EXERCISE - Reproduce the entire listing exactly as written, apart from its pictures.

____________

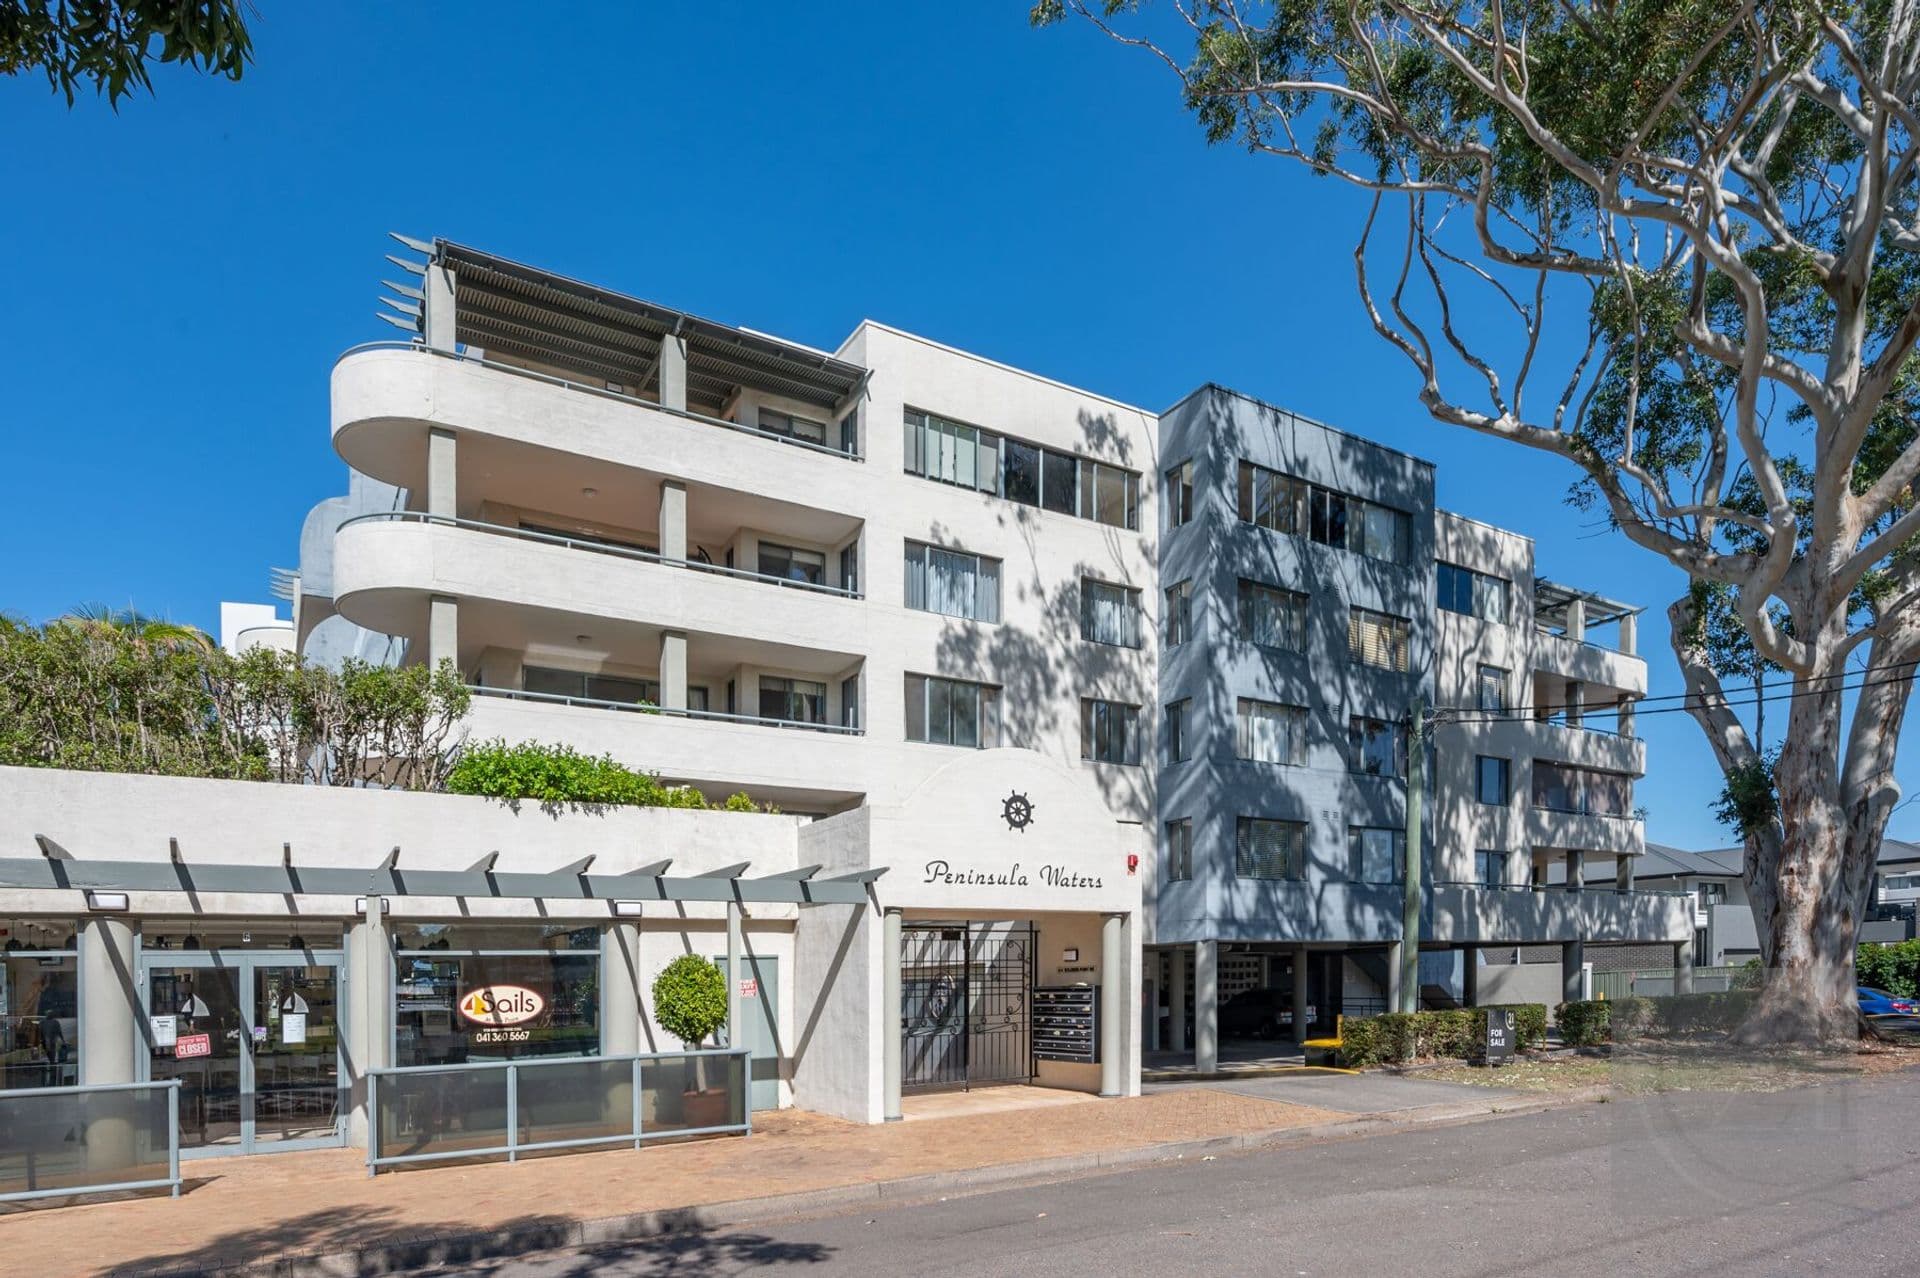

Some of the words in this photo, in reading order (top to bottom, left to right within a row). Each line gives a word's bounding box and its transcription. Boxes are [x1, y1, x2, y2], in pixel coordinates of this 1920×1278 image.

[924, 860, 1029, 886] Peninsula
[1039, 865, 1103, 888] Waters
[481, 991, 535, 1013] Sails
[476, 1033, 490, 1042] 041
[492, 1031, 508, 1041] 360
[510, 1031, 530, 1041] 5667
[1490, 1029, 1502, 1037] FOR
[178, 1042, 208, 1055] CLOSED
[1490, 1038, 1505, 1047] SALE

____________

EXERCISE RESPONSE -
Some of the words in this photo, in reading order (top to bottom, left to right within a row). Each line gives a word's bounding box and its transcription. Boxes are [x1, y1, x2, y2], in pixel coordinates of this 1920×1278 image.

[924, 860, 1029, 886] Peninsula
[1039, 865, 1103, 888] Waters
[481, 991, 535, 1013] Sails
[476, 1033, 490, 1042] 041
[492, 1031, 508, 1041] 360
[510, 1031, 530, 1041] 5667
[1490, 1029, 1502, 1037] FOR
[178, 1042, 208, 1055] CLOSED
[1490, 1038, 1505, 1047] SALE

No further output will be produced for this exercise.